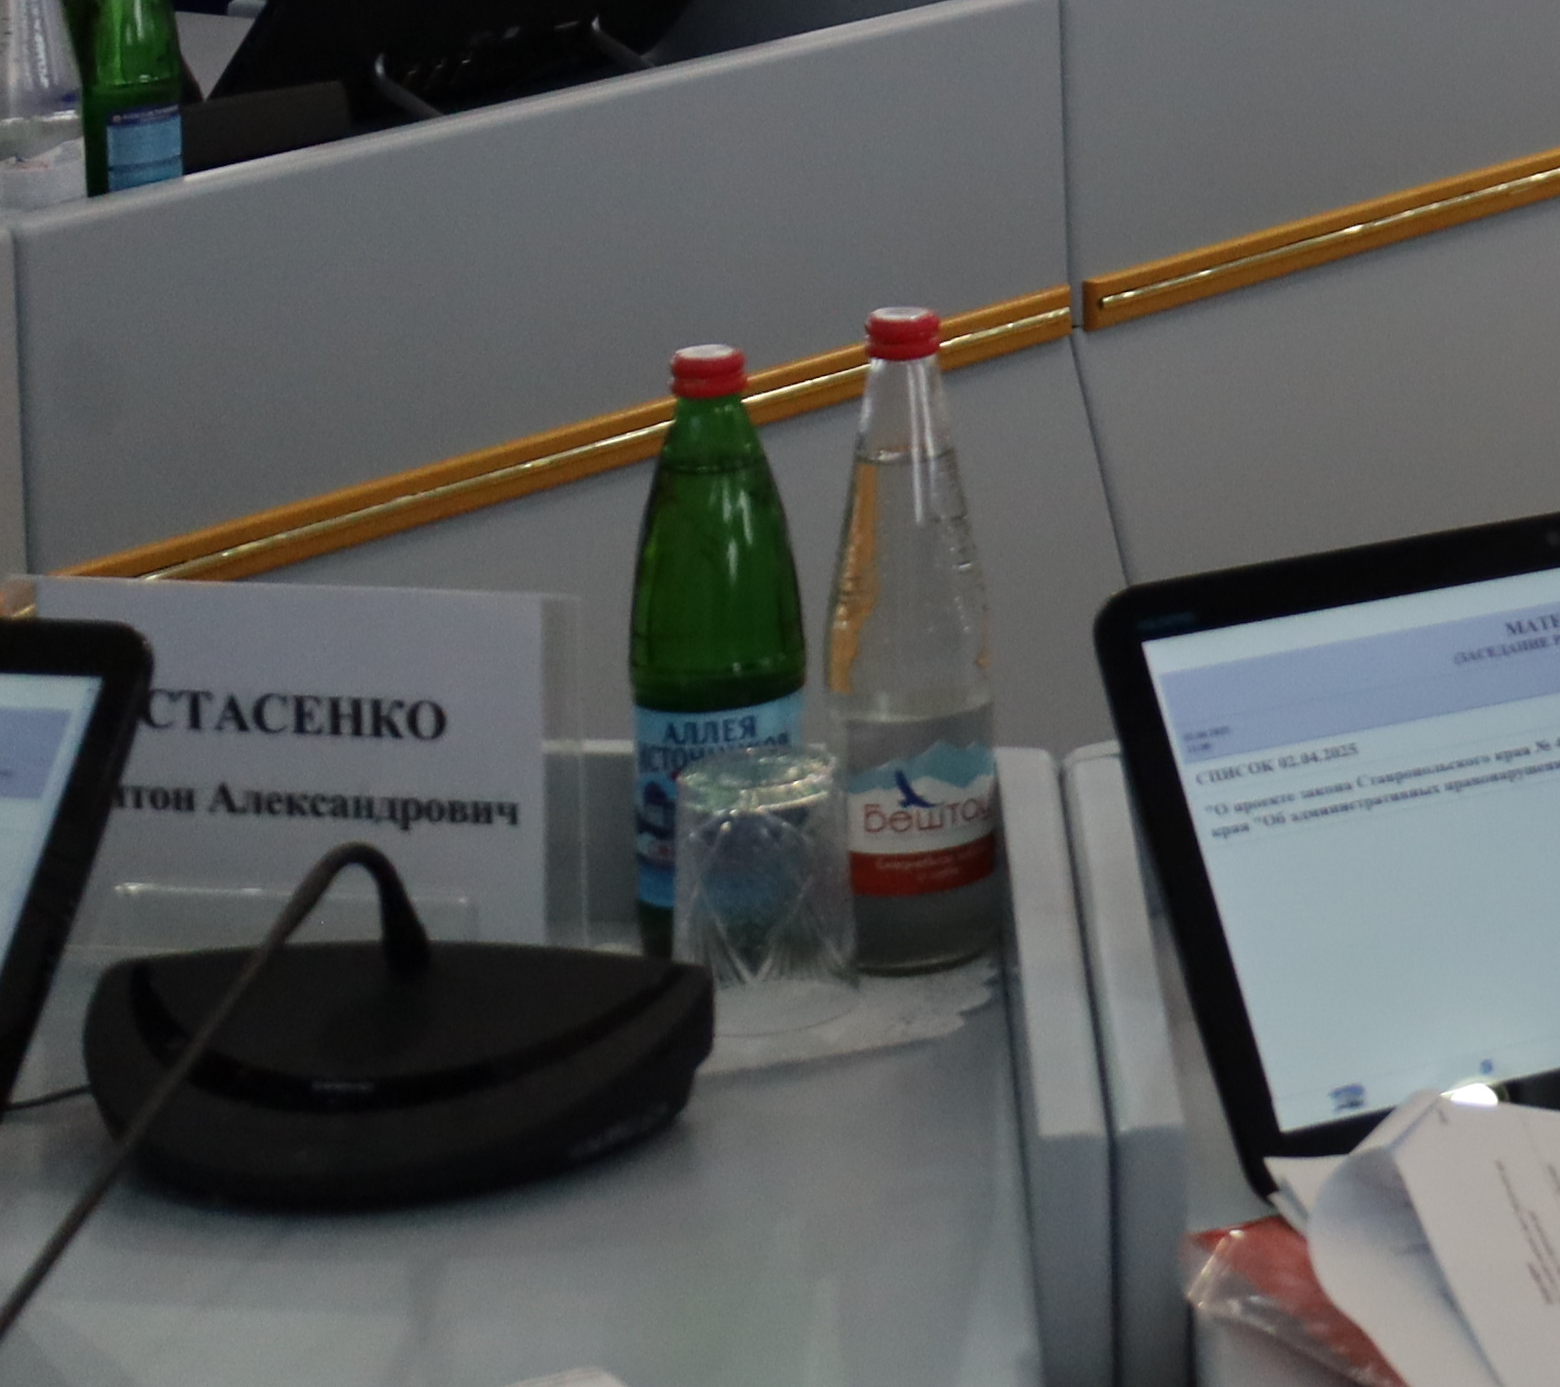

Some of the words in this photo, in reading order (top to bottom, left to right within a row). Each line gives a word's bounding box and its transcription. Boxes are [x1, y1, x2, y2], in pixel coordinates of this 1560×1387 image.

[140, 688, 448, 740] СТАСЕНКО
[662, 715, 757, 745] АЛЛЕЯ
[1195, 757, 1275, 786] СПИСОК
[1278, 742, 1359, 770] 02.04.2025
[1356, 753, 1490, 789] Ставропольского
[209, 782, 520, 831] Александрович
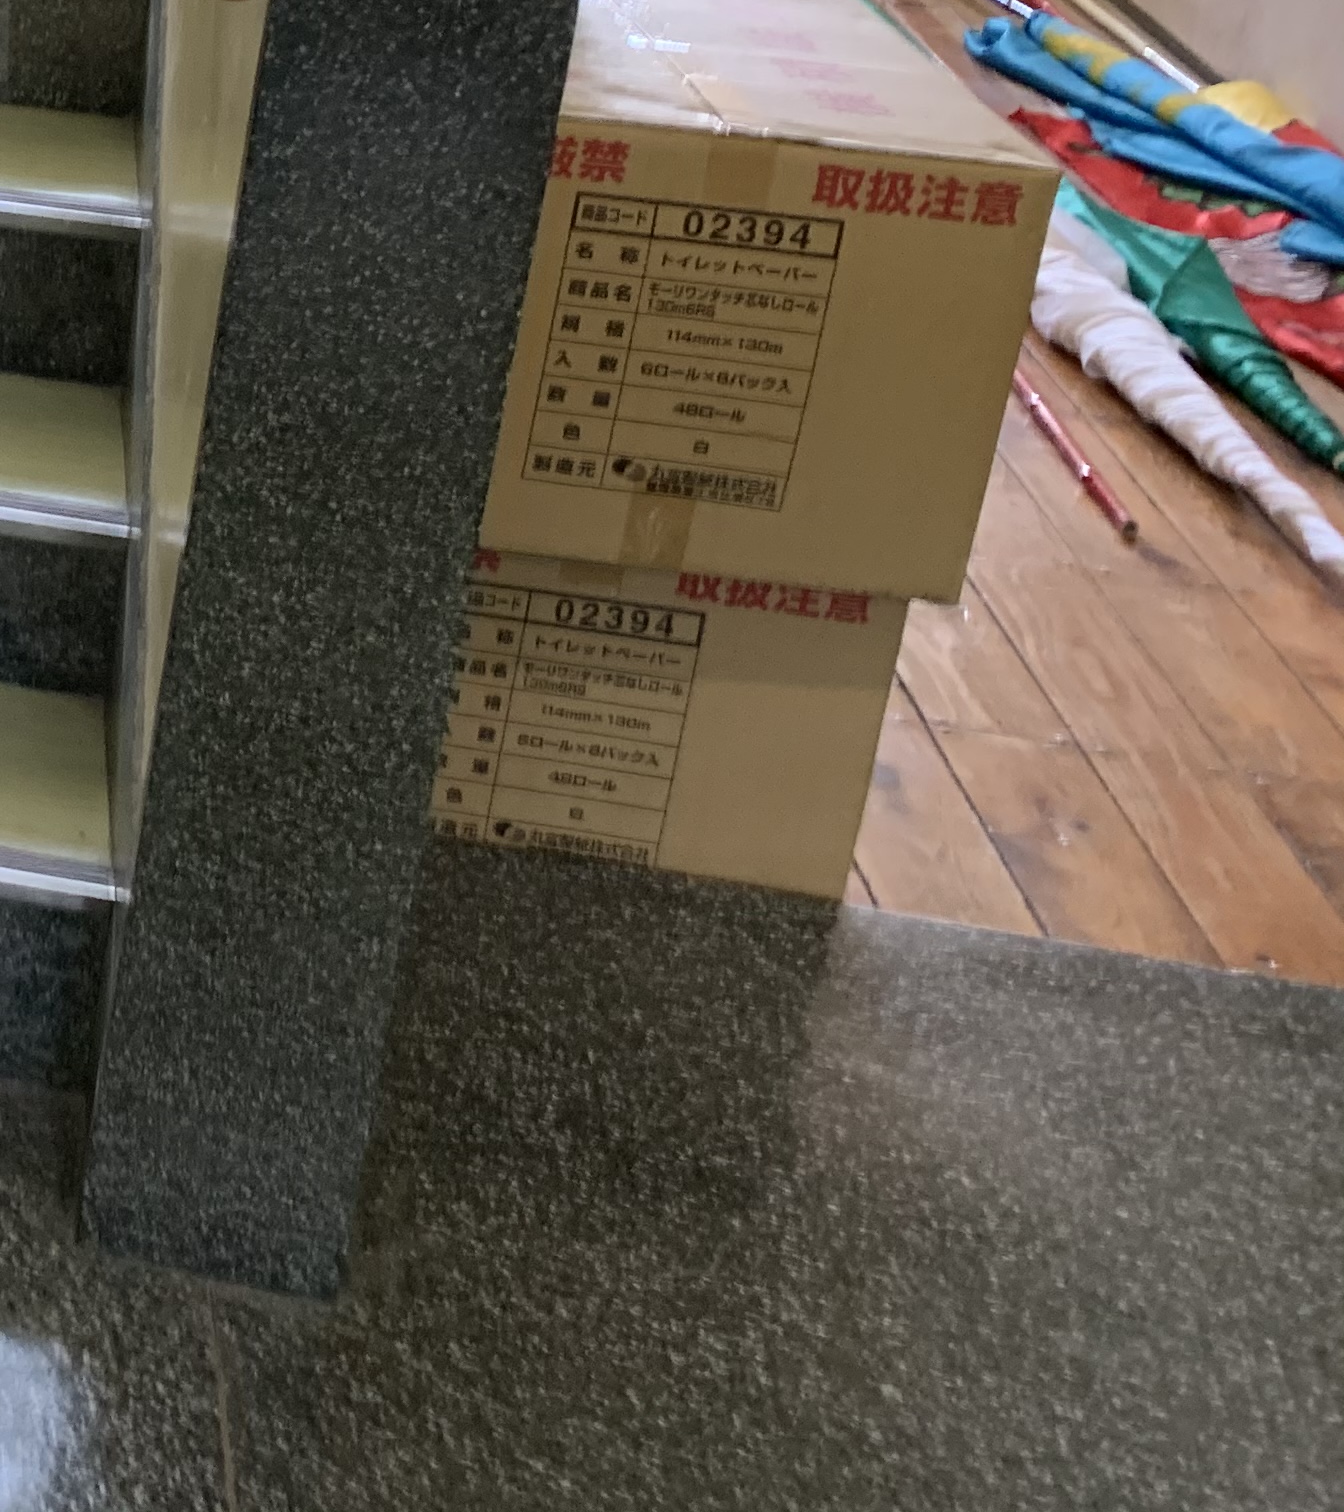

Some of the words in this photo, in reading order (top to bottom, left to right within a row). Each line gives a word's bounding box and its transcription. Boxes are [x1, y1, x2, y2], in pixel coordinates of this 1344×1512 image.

[812, 164, 1023, 226] 取扱注意
[683, 209, 811, 249] 02394
[661, 252, 817, 281] トイレットペーパー
[555, 599, 674, 637] 02394
[535, 636, 681, 665] トイレットペーパー
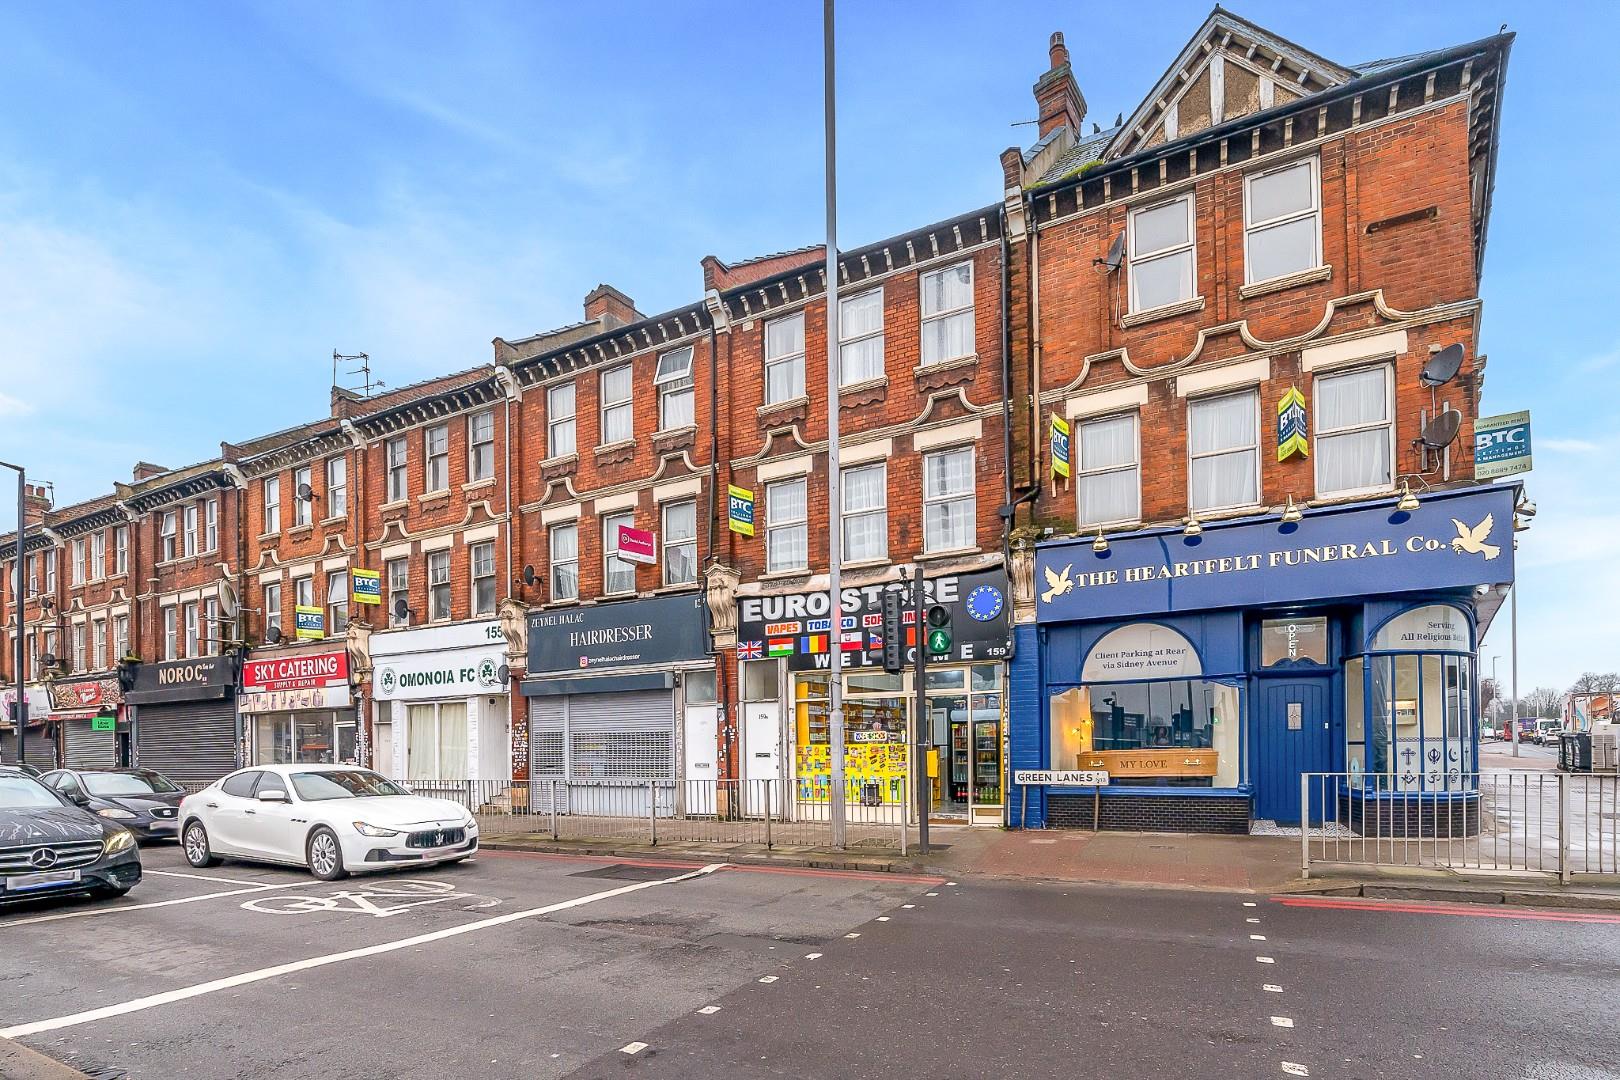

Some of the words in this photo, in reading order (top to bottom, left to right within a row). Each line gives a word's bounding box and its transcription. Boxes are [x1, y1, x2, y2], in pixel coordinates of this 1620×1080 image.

[1053, 428, 1067, 450] BTC
[1477, 428, 1525, 450] BTC
[731, 496, 751, 514] BTC
[1075, 570, 1119, 588] THE
[1125, 554, 1262, 583] HEARTFELT
[1269, 540, 1398, 567] FUNERAL
[1406, 536, 1447, 552] Co.
[355, 577, 378, 588] BTC
[298, 613, 322, 624] BTC
[531, 615, 558, 628] ZEYNEL
[559, 612, 584, 625] HALAC
[767, 623, 798, 634] VAPES
[1427, 621, 1455, 630] Serving
[570, 624, 653, 647] HAIRDRESSER
[1288, 624, 1296, 657] OPEN
[1401, 633, 1414, 641] All
[1417, 632, 1451, 643] Religious
[986, 647, 1006, 656] 159
[1095, 651, 1119, 660] Client
[1121, 649, 1153, 658] Parking
[255, 663, 275, 681] SKY
[279, 656, 338, 678] CATERING
[1103, 661, 1115, 669] via
[1117, 660, 1144, 669] Sidney
[1146, 659, 1178, 667] Avenue
[159, 664, 203, 685] NOROC
[400, 670, 455, 687] OMONOIA
[460, 668, 475, 682] FC
[274, 681, 291, 689] SUPPLY
[297, 679, 316, 687] REPAIR
[1120, 760, 1137, 768] MY
[1140, 759, 1168, 768] LOVE
[1018, 773, 1051, 782] GREEN
[1057, 773, 1093, 782] LANES
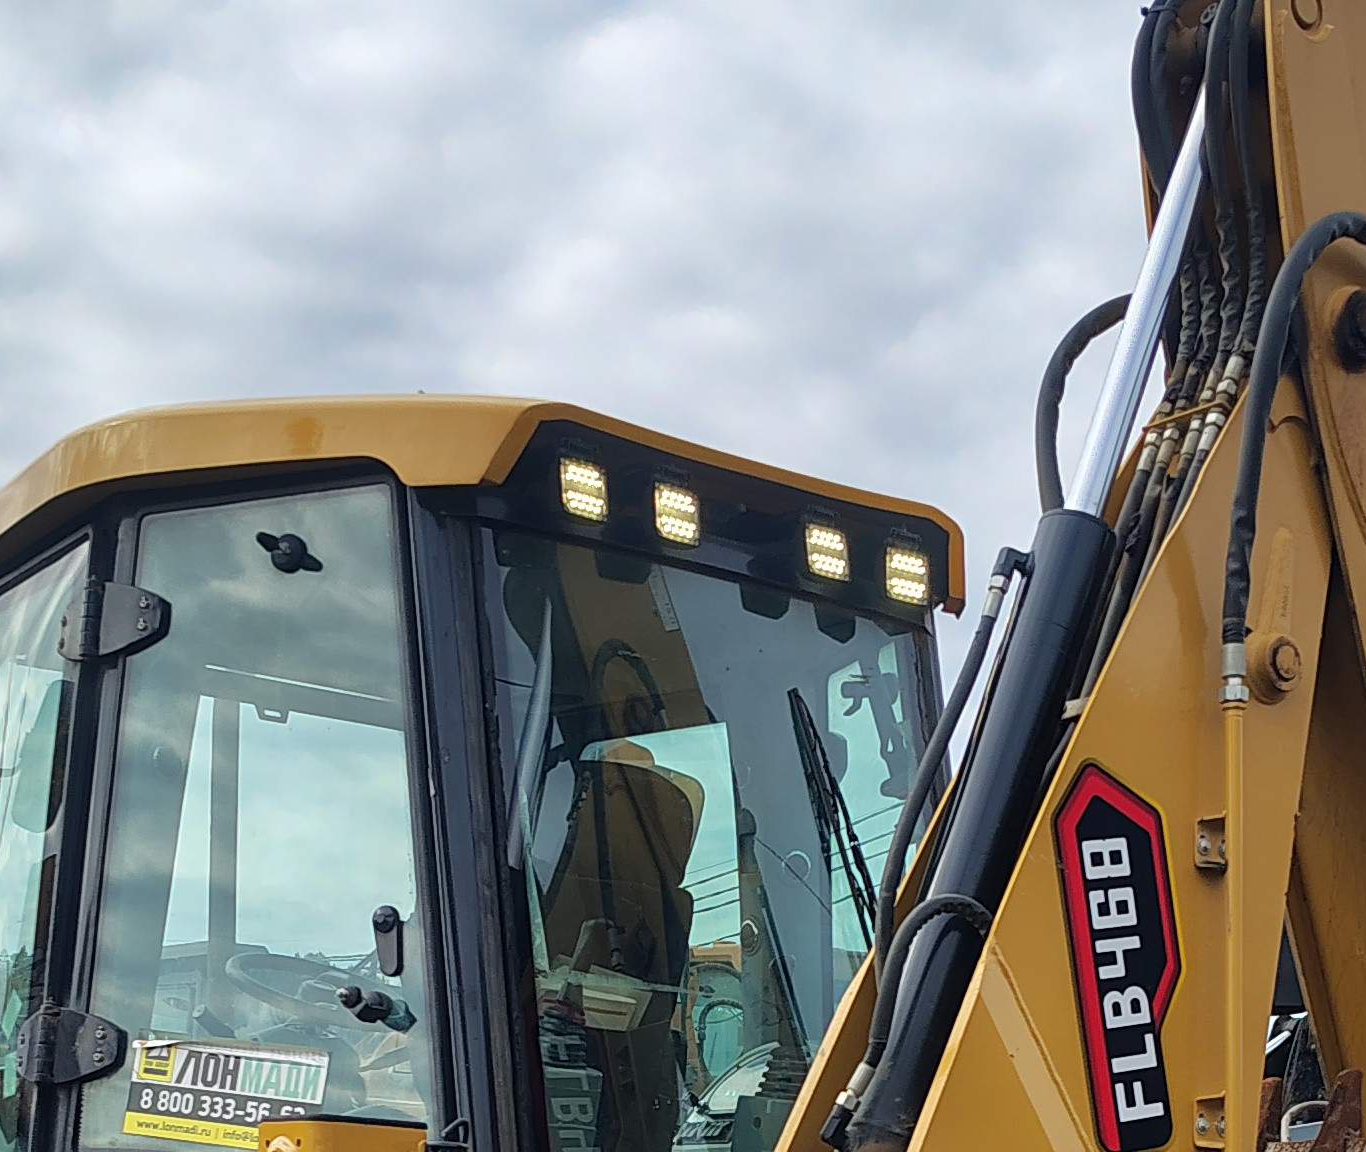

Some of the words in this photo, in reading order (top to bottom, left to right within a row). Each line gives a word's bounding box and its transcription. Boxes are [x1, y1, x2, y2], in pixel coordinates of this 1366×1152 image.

[1081, 835, 1165, 1123] FLB468
[174, 1050, 323, 1100] ЛОНМАДИ
[139, 1088, 154, 1110] 8
[156, 1090, 194, 1115] 800
[136, 1118, 212, 1138] www.lonmadi.ru
[222, 1128, 259, 1143] info@lo

**TASK DESCRIPTION**
Since the pictures are not wanted, repeat only the rest of the material, exactly as given.

**ANSWER BOX**
Some of the words in this photo, in reading order (top to bottom, left to right within a row). Each line gives a word's bounding box and its transcription. Boxes are [x1, y1, x2, y2], in pixel coordinates of this 1560×1387 image.

[140, 688, 448, 740] СТАСЕНКО
[662, 715, 757, 745] АЛЛЕЯ
[1195, 757, 1275, 786] СПИСОК
[1278, 742, 1359, 770] 02.04.2025
[1356, 753, 1490, 789] Ставропольского
[209, 782, 520, 831] Александрович

Some of the words in this photo, in reading order (top to bottom, left to right within a row). Each line gives a word's bounding box and its transcription. Boxes are [x1, y1, x2, y2], in pixel coordinates of this 1344×1512 image.

[812, 164, 1023, 226] 取扱注意
[683, 209, 811, 249] 02394
[661, 252, 817, 281] トイレットペーパー
[555, 599, 674, 637] 02394
[535, 636, 681, 665] トイレットペーパー

Some of the words in this photo, in reading order (top to bottom, left to right within a row). Each line gives a word's bounding box and its transcription. Boxes are [x1, y1, x2, y2], in pixel coordinates of this 1620×1080 image.

[1053, 428, 1067, 450] BTC
[1477, 428, 1525, 450] BTC
[731, 496, 751, 514] BTC
[1075, 570, 1119, 588] THE
[1125, 554, 1262, 583] HEARTFELT
[1269, 540, 1398, 567] FUNERAL
[1406, 536, 1447, 552] Co.
[355, 577, 378, 588] BTC
[298, 613, 322, 624] BTC
[531, 615, 558, 628] ZEYNEL
[559, 612, 584, 625] HALAC
[767, 623, 798, 634] VAPES
[1427, 621, 1455, 630] Serving
[570, 624, 653, 647] HAIRDRESSER
[1288, 624, 1296, 657] OPEN
[1401, 633, 1414, 641] All
[1417, 632, 1451, 643] Religious
[986, 647, 1006, 656] 159
[1095, 651, 1119, 660] Client
[1121, 649, 1153, 658] Parking
[255, 663, 275, 681] SKY
[279, 656, 338, 678] CATERING
[1103, 661, 1115, 669] via
[1117, 660, 1144, 669] Sidney
[1146, 659, 1178, 667] Avenue
[159, 664, 203, 685] NOROC
[400, 670, 455, 687] OMONOIA
[460, 668, 475, 682] FC
[274, 681, 291, 689] SUPPLY
[297, 679, 316, 687] REPAIR
[1120, 760, 1137, 768] MY
[1140, 759, 1168, 768] LOVE
[1018, 773, 1051, 782] GREEN
[1057, 773, 1093, 782] LANES

Some of the words in this photo, in reading order (top to bottom, left to right within a row). Each line gives a word's bounding box and its transcription. Boxes are [x1, y1, x2, y2], in pixel coordinates of this 1366×1152 image.

[1081, 835, 1165, 1123] FLB468
[174, 1050, 323, 1100] ЛОНМАДИ
[139, 1088, 154, 1110] 8
[156, 1090, 194, 1115] 800
[136, 1118, 212, 1138] www.lonmadi.ru
[222, 1128, 259, 1143] info@lo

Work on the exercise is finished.